Recently I was talking with a friend, who is like an uncle to me because he and his wife were close with my parents and my siblings and I were close to his kids. I mentioned to Bob that I was working on a story about a group trying to save St. Nicholas Church. I noted that the place was the first Croatian church in America.
“They should tear it down to make room for the road,” Bob said, with a dismissive wave. He mentioned that the Pittsburgh Catholic Diocese had closed the church because the congregation was supposedly too small to support it. “I’ve visited all of these old churches in Europe, and they’re no longer churches, just museums. What’s the point?” he said, shaking his head.
“But you visited those old churches, didn’t you?” I asked incredulously.
Bob gave me another dismissive wave. He tilted back in his recliner, his hands folded over his belly, a crooked little grin on his face. Over his shoulder, I saw evidence.

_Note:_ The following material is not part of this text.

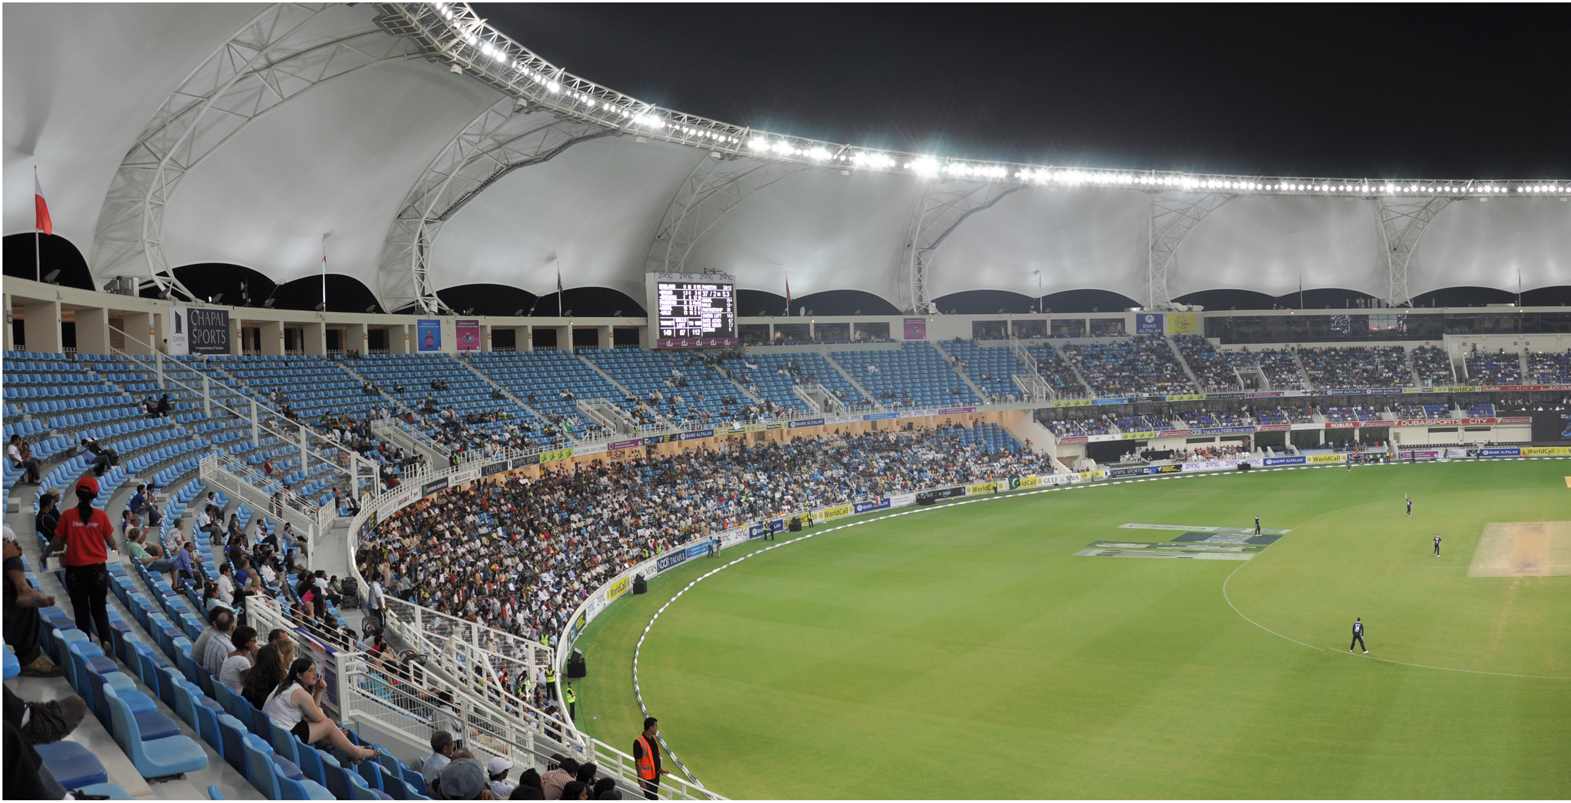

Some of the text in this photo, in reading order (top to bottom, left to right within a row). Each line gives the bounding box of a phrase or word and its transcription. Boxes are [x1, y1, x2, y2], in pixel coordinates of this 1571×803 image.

On the wall about six feet away hung two framed baptismal certificates. Composed in a gilded scroll, with beautiful Eastern European iconographic-style lettering, the baptismal certificates were for Bob’s parents, who were Czech-Americans from the North Side. He’d told me the story of the baptismal certificates before: His parents were born in their parents’ homes, and they both happened to have the same midwife who delivered them. The midwife was a member of St. Nicholas, though Bob’s parents’ families weren’t.

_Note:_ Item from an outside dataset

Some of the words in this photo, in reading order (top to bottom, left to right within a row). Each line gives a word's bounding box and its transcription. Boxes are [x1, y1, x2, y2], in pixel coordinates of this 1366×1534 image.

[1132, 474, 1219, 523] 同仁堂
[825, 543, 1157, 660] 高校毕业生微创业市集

“Before my grandmothers were out of bed after the deliveries, the midwife took the baby to St. Nicholas, to have it baptized,” he said, laughing delightedly.
The incident reminded me that sometimes, landmarks in our communities mean more to us than we want to admit. And sometimes we just don’t realize how important these landmarks are.

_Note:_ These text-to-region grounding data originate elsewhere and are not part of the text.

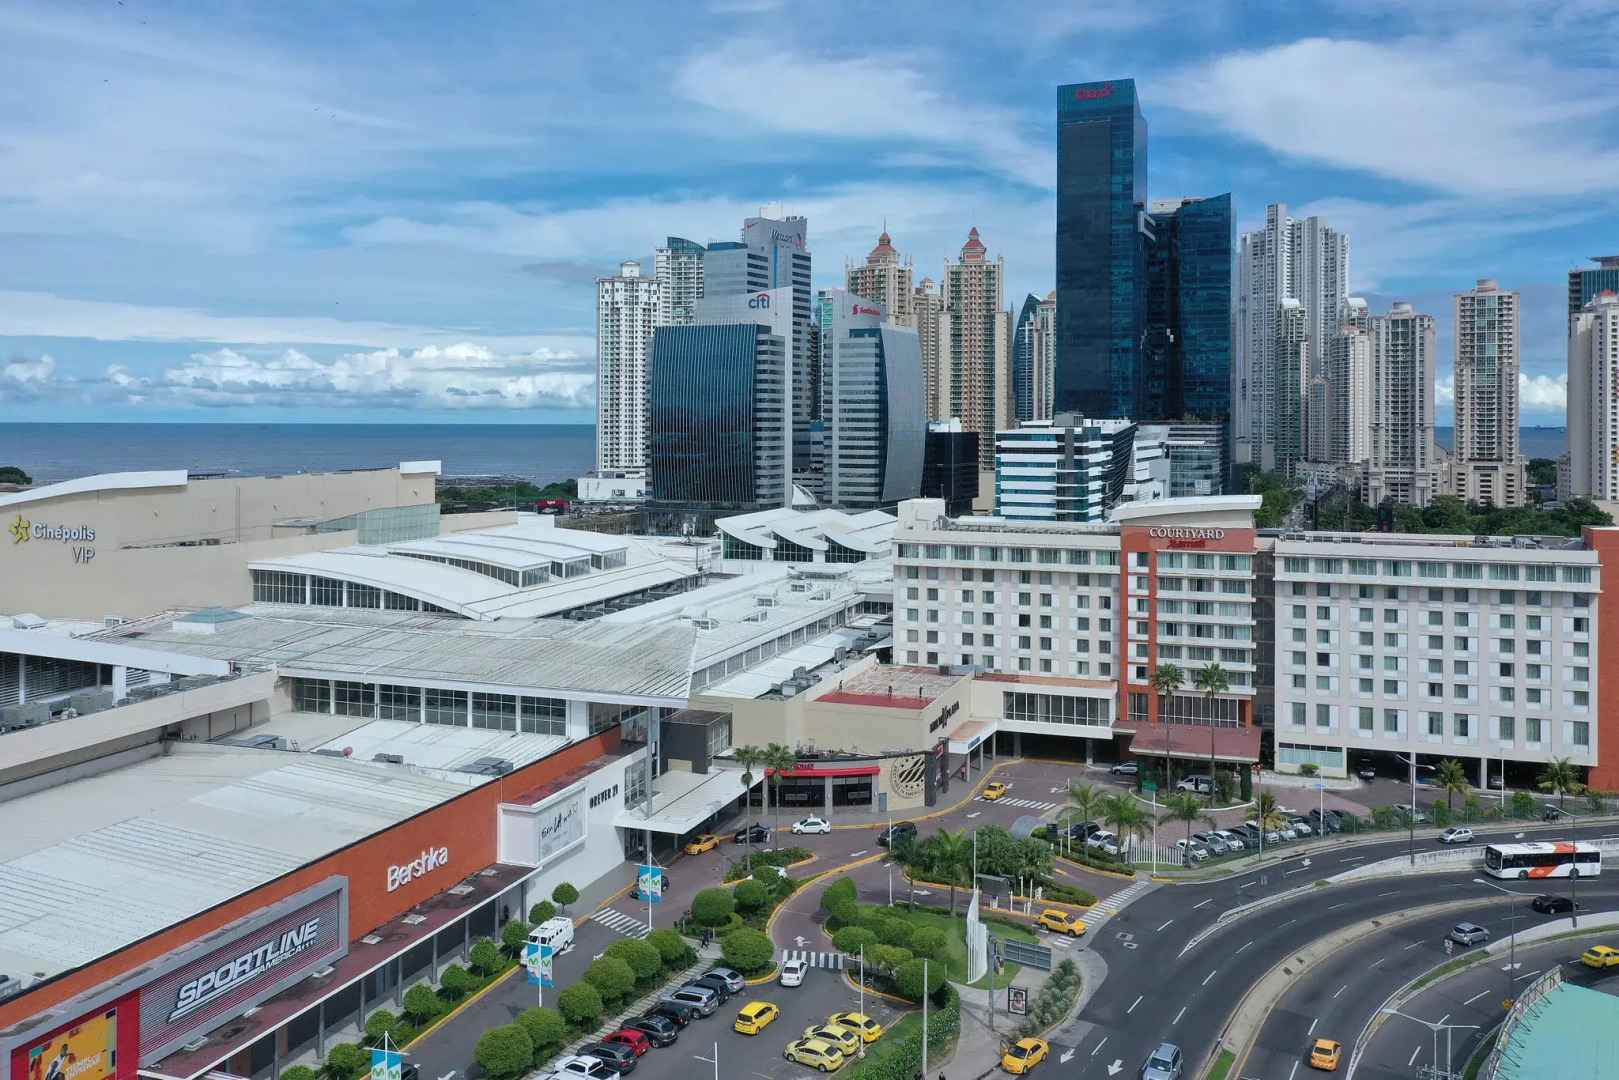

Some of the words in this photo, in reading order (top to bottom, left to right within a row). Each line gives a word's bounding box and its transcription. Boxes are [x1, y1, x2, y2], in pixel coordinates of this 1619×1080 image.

[33, 523, 96, 543] Cinépolis
[1149, 528, 1224, 539] COURTYARD
[72, 547, 95, 564] VIP
[387, 847, 448, 892] Bershka
[176, 917, 320, 1009] SPORTLINE
[257, 945, 302, 975] AMERICA

A few years back, St. Nicholas parishioner Elsie Yuratovich mailed PennDOT engineer Tom Fox a picture of the shining marble-clad interior of Pittsburgh’s “Croatian Cathedral.” Fox said later that when he realized what PennDOT would be tearing down to make way for a bigger Rt. 28, he thought, “Am I going to hell, or what?”
People change their minds sometimes. Even large organizations occasionally see the other view. Because PennDOT officials dialogued with the people who will be affected by Rt. 28 reconstruction, they saw a way to spare the church and save nearly a third in expected project costs of $200 million, paring the cost to $130 million. A road reconfiguration plan submitted to PennDOT officials by Pittsburgh History and Landmarks Foundation board member George R. White in 2003 served as the basis for the new road plan.
CACEA’s effort to protect the centerpiece of the nearly gone Croatian immigrant neighborhood of Mala Jaska, (which once edged both sides of Rt. 28), is an effort to save a part of our collective history, not just the history of Croatians in Pittsburgh. My great-grandfather Franjo immigrated to Minnesota after being recruited in Zagreb to work in the iron ore mines. He worked for nearly five years before he had set up a house and brought his wife and daughter to Minnesota. The Croatians in Mala Jaska (meaning “Little Jaska,” named after the place from which many of them came) like Croatians in Minnesota, California, Steelton, Pa., and elsewhere, left behind their ancestral homes to dig for a better life in a foreign country of which they knew little. Like many of the Mala Jaskans, my great-grandfather was a peasant, but not illiterate. He’d learned some German in school in the homeland, and he picked up English pretty fast. And like all of that generation of Eastern European immigrants, and many other immigrants before and since, he did what he had to survive.
The stories of these local immigrants are like the stories of many more immigrants from Southern and Eastern Europe who arrived in the later 19th and early 20th centuries. These people fought hard to make a way of life for their families, and their children fought in the World Wars for the U.S. These folks helped to create some of the great organizations of this country, but it didn’t happen by accident. They were stubborn, and they wouldn’t give up. In that regard, the current would-be saviors of St. Nicholas Church are like their ancestors, whether or not those people attended St. Nicholas (and many of them didn’t).
Several former churches in Pittsburgh have been turned into bars, which Diocesan officials have said they wish weren’t so. But CACEA’s salvation of St. Nicholas could be a model for future adaptive reuses of closed places of worship. This model could inspire local congregations to find other uses for their closed churches, synagogues, temples and mosques. Maybe in the future, more people will be telling the stories of these landmarks and the people who made them, and thus, honoring the legacies that we all inherited.